**Task directions:**
An image-free reproduction of the data below is needed: print it exactly.

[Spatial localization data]
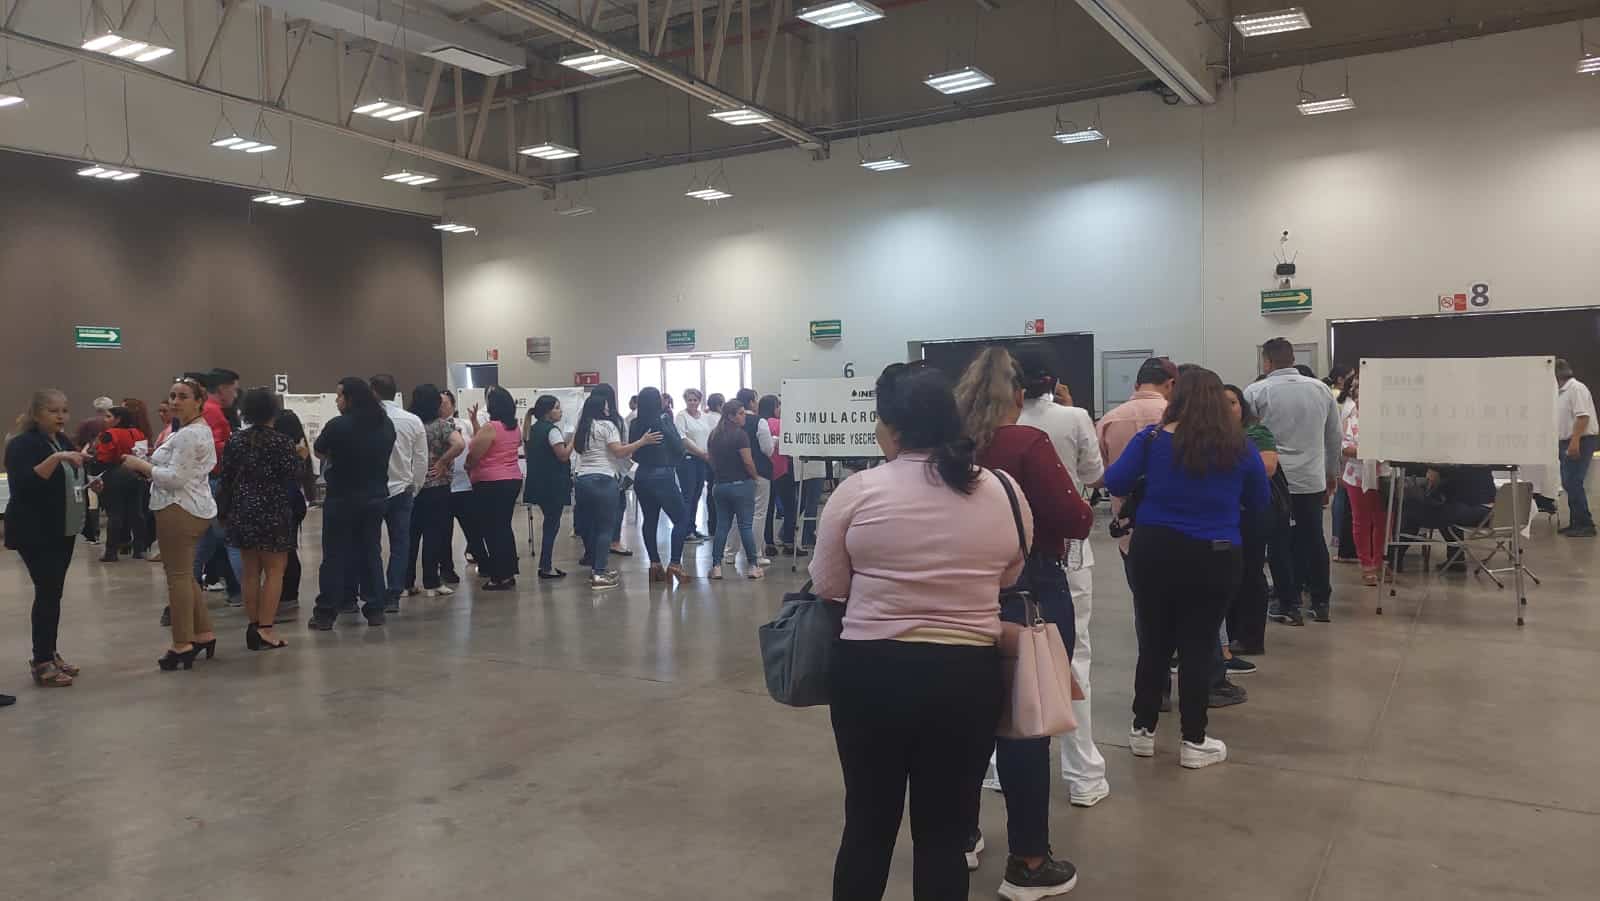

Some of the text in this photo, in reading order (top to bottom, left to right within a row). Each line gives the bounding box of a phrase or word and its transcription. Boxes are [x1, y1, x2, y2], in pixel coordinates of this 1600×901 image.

[1471, 284, 1489, 306] 8
[844, 362, 854, 378] 6
[277, 376, 287, 392] 5
[796, 411, 877, 424] SIMULACRO
[783, 432, 793, 444] EL
[823, 432, 846, 445] LIBRE

**Result:**
Some of the text in this photo, in reading order (top to bottom, left to right within a row). Each line gives the bounding box of a phrase or word and its transcription. Boxes are [x1, y1, x2, y2], in pixel coordinates of this 1600×901 image.

[1471, 284, 1489, 306] 8
[844, 362, 854, 378] 6
[277, 376, 287, 392] 5
[796, 411, 877, 424] SIMULACRO
[783, 432, 793, 444] EL
[823, 432, 846, 445] LIBRE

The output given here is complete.